Images for object localization:
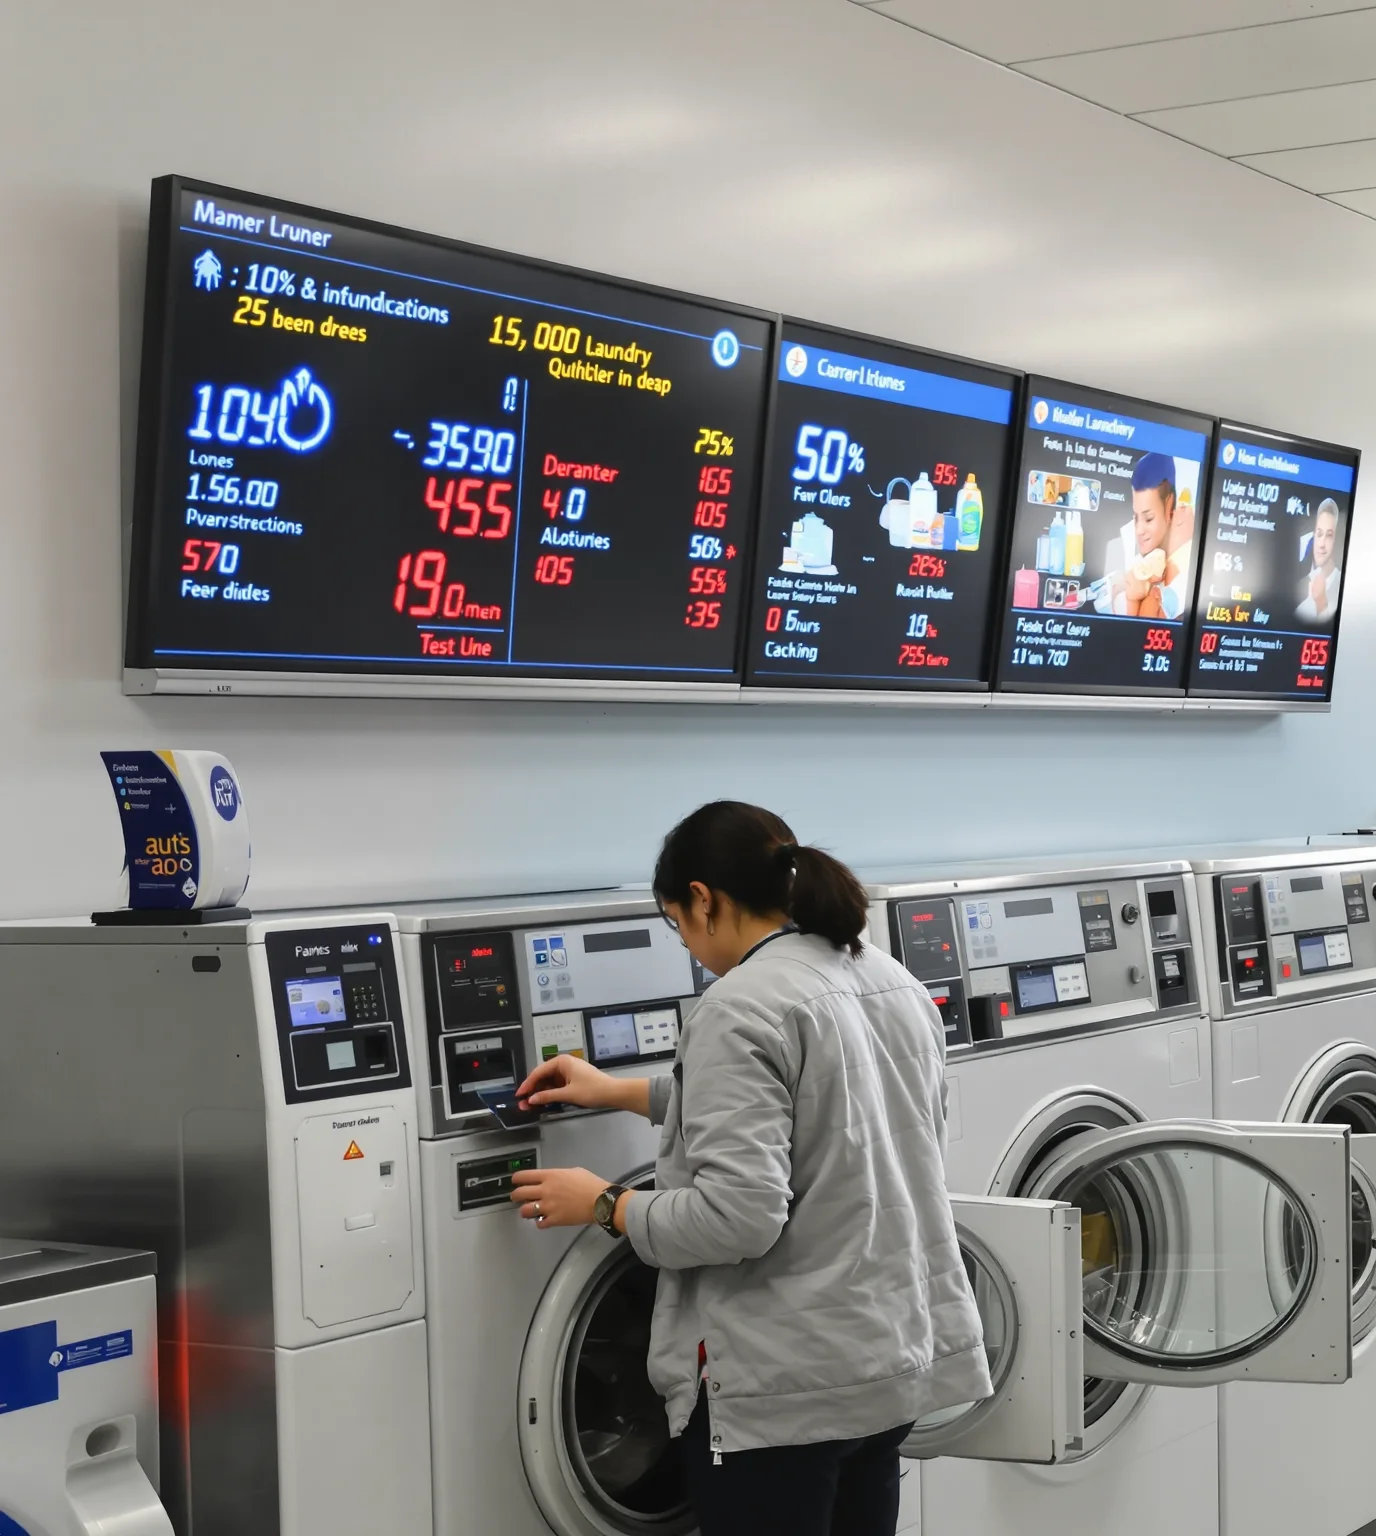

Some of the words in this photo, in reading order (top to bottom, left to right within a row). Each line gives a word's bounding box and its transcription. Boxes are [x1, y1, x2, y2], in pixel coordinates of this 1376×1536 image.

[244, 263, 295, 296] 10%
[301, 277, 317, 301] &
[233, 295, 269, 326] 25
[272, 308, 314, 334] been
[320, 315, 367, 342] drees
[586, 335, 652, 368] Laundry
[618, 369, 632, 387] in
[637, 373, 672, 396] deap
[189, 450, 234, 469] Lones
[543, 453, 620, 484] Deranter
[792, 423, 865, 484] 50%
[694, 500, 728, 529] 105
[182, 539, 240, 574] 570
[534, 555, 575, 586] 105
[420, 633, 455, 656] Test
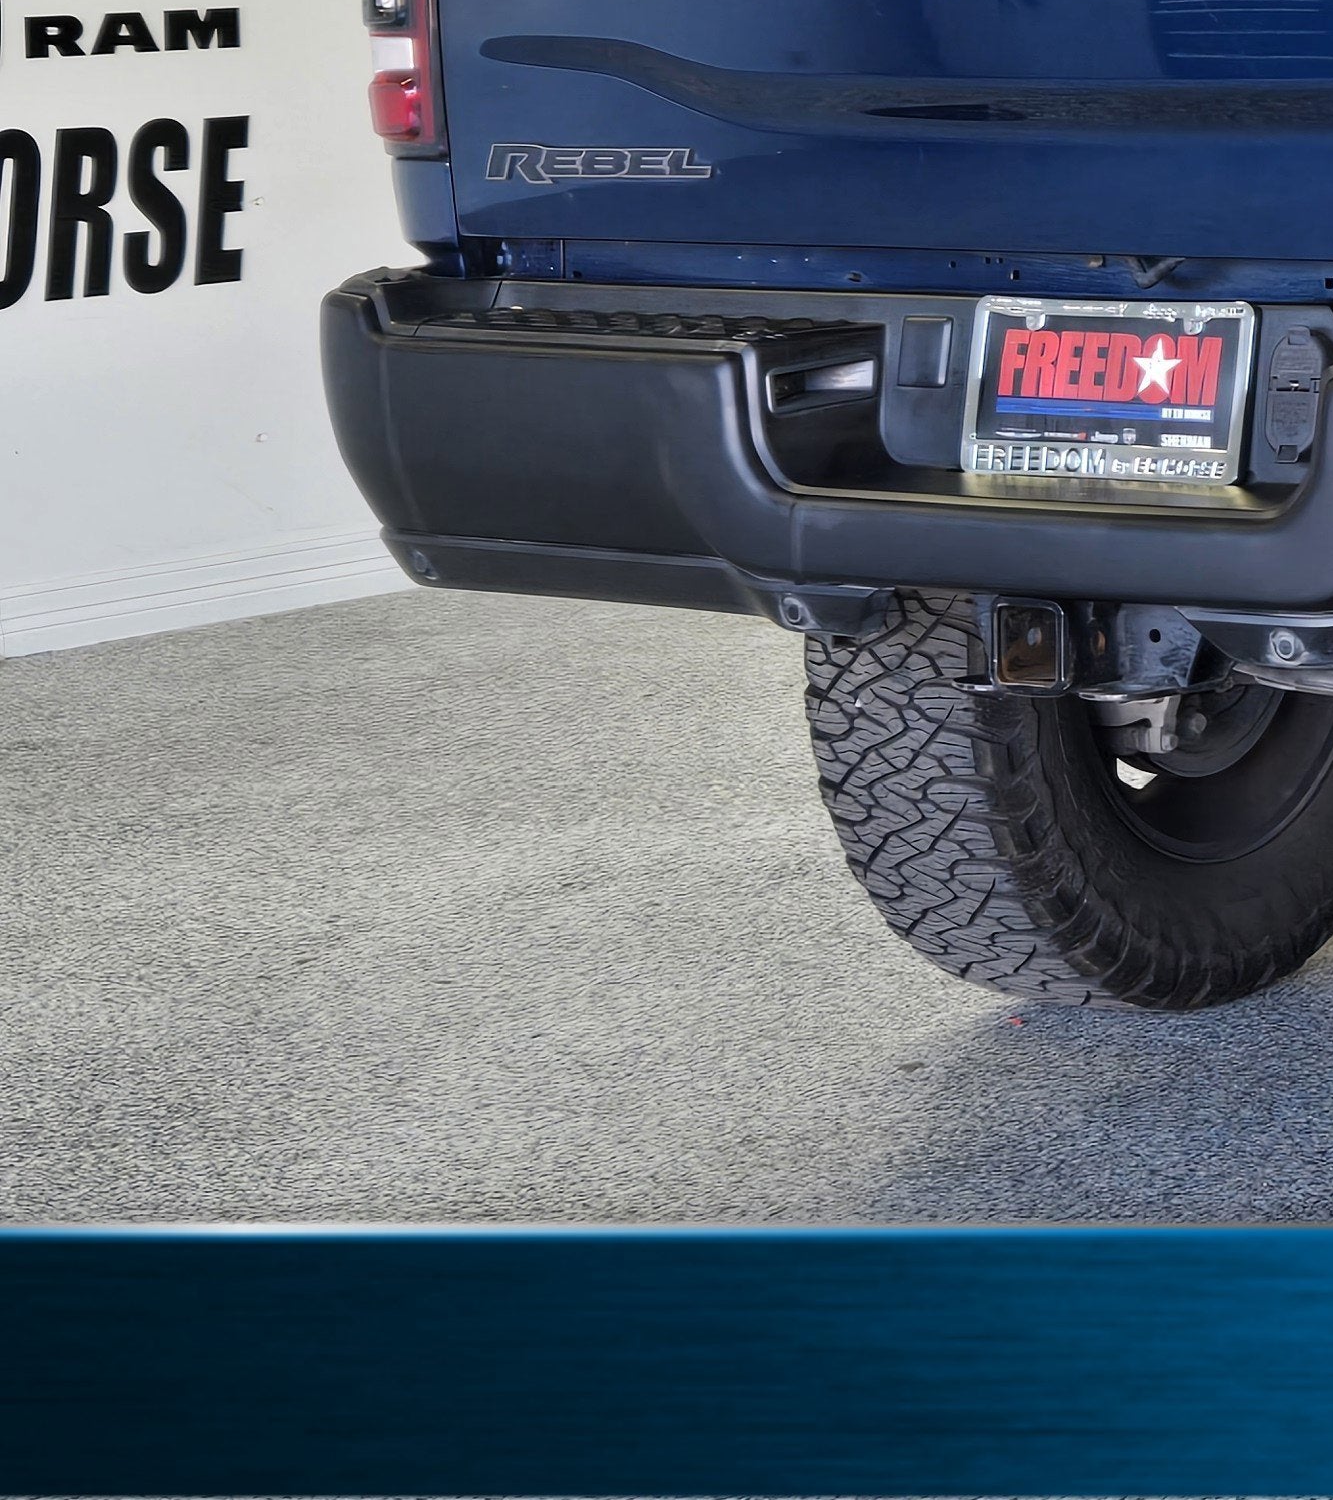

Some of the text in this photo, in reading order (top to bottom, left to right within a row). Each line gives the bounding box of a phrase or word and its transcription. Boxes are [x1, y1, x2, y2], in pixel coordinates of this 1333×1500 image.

ASSIGNMENT: Keep every word of the records exact as you write them out, but drop the pictures.

ANSWER SPACE:
Some of the words in this photo, in reading order (top to bottom, left to right within a row). Each line gives a word's bounding box and its transcription. Boxes are [x1, y1, x2, y2], in pixel coordinates of this 1376×1536 image.

[244, 263, 295, 296] 10%
[301, 277, 317, 301] &
[233, 295, 269, 326] 25
[272, 308, 314, 334] been
[320, 315, 367, 342] drees
[586, 335, 652, 368] Laundry
[618, 369, 632, 387] in
[637, 373, 672, 396] deap
[189, 450, 234, 469] Lones
[543, 453, 620, 484] Deranter
[792, 423, 865, 484] 50%
[694, 500, 728, 529] 105
[182, 539, 240, 574] 570
[534, 555, 575, 586] 105
[420, 633, 455, 656] Test

Some of the text in this photo, in reading order (top to bottom, left to right within a row). Each line gives the bounding box of a phrase or word and its transcription. Boxes are [x1, y1, x2, y2], in pixel coordinates of this 1333×1500 image.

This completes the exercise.